*WHAT IS REQUIRED*.
Drop the images, then output the listing exactly.

*DATA UNDER STUDY*.
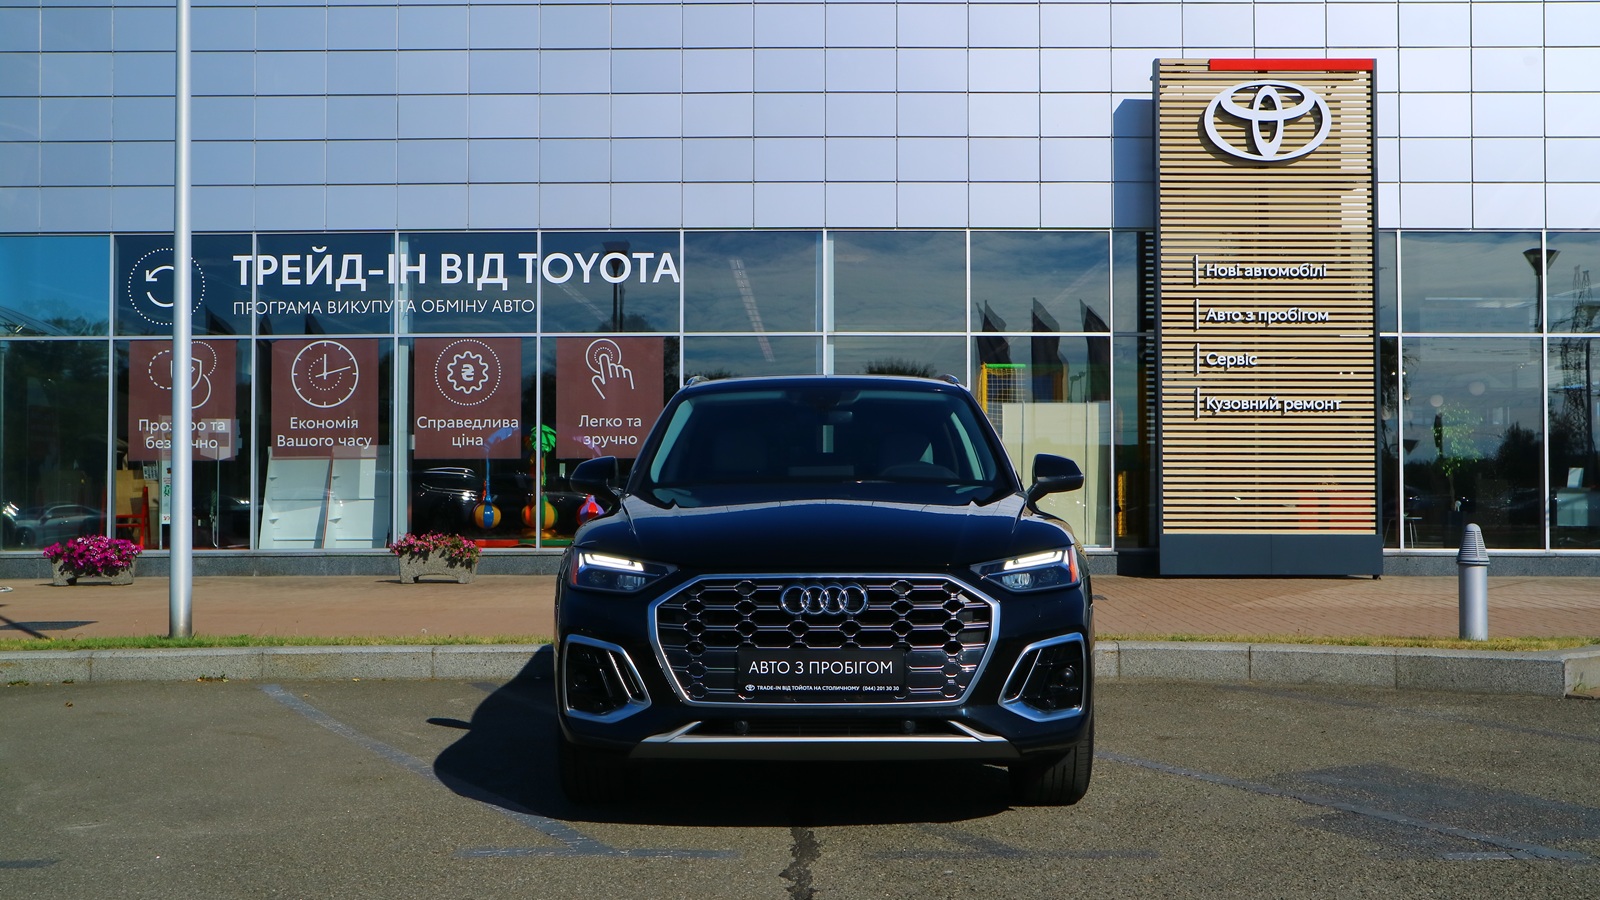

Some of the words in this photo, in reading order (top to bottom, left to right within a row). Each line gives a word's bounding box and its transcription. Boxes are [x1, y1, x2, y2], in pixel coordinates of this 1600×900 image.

[232, 246, 426, 292] ТРЕЙД-ІН
[440, 253, 508, 291] ВІД
[518, 252, 680, 284] TOYOTA
[1205, 263, 1240, 277] Нові
[1244, 263, 1327, 277] автомобілі
[233, 301, 322, 315] ПРОГРАМА
[327, 300, 394, 314] ВИКУПУ
[398, 299, 417, 313] ТА
[421, 299, 488, 313] ОБМІНУ
[491, 299, 535, 313] АВТО
[1205, 308, 1242, 322] Авто
[1245, 310, 1254, 322] з
[1258, 307, 1329, 325] пробігом
[1205, 352, 1258, 368] Сервіс
[1205, 396, 1279, 412] Кузовний
[1283, 399, 1342, 413] ремонт
[210, 421, 226, 431] та
[290, 416, 359, 430] Економія
[416, 416, 519, 431] Справедлива
[578, 415, 622, 429] Легко
[626, 417, 642, 428] та
[145, 435, 218, 449] безчно
[276, 434, 334, 447] Вашого
[338, 437, 372, 450] часу
[451, 434, 484, 449] ціна
[583, 435, 638, 449] зручно
[748, 661, 791, 675] АВТО
[809, 661, 893, 675] ПРОБІГОМ

*EXERCISE OUTPUT*.
Some of the words in this photo, in reading order (top to bottom, left to right within a row). Each line gives a word's bounding box and its transcription. Boxes are [x1, y1, x2, y2], in pixel coordinates of this 1600×900 image.

[232, 246, 426, 292] ТРЕЙД-ІН
[440, 253, 508, 291] ВІД
[518, 252, 680, 284] TOYOTA
[1205, 263, 1240, 277] Нові
[1244, 263, 1327, 277] автомобілі
[233, 301, 322, 315] ПРОГРАМА
[327, 300, 394, 314] ВИКУПУ
[398, 299, 417, 313] ТА
[421, 299, 488, 313] ОБМІНУ
[491, 299, 535, 313] АВТО
[1205, 308, 1242, 322] Авто
[1245, 310, 1254, 322] з
[1258, 307, 1329, 325] пробігом
[1205, 352, 1258, 368] Сервіс
[1205, 396, 1279, 412] Кузовний
[1283, 399, 1342, 413] ремонт
[210, 421, 226, 431] та
[290, 416, 359, 430] Економія
[416, 416, 519, 431] Справедлива
[578, 415, 622, 429] Легко
[626, 417, 642, 428] та
[145, 435, 218, 449] безчно
[276, 434, 334, 447] Вашого
[338, 437, 372, 450] часу
[451, 434, 484, 449] ціна
[583, 435, 638, 449] зручно
[748, 661, 791, 675] АВТО
[809, 661, 893, 675] ПРОБІГОМ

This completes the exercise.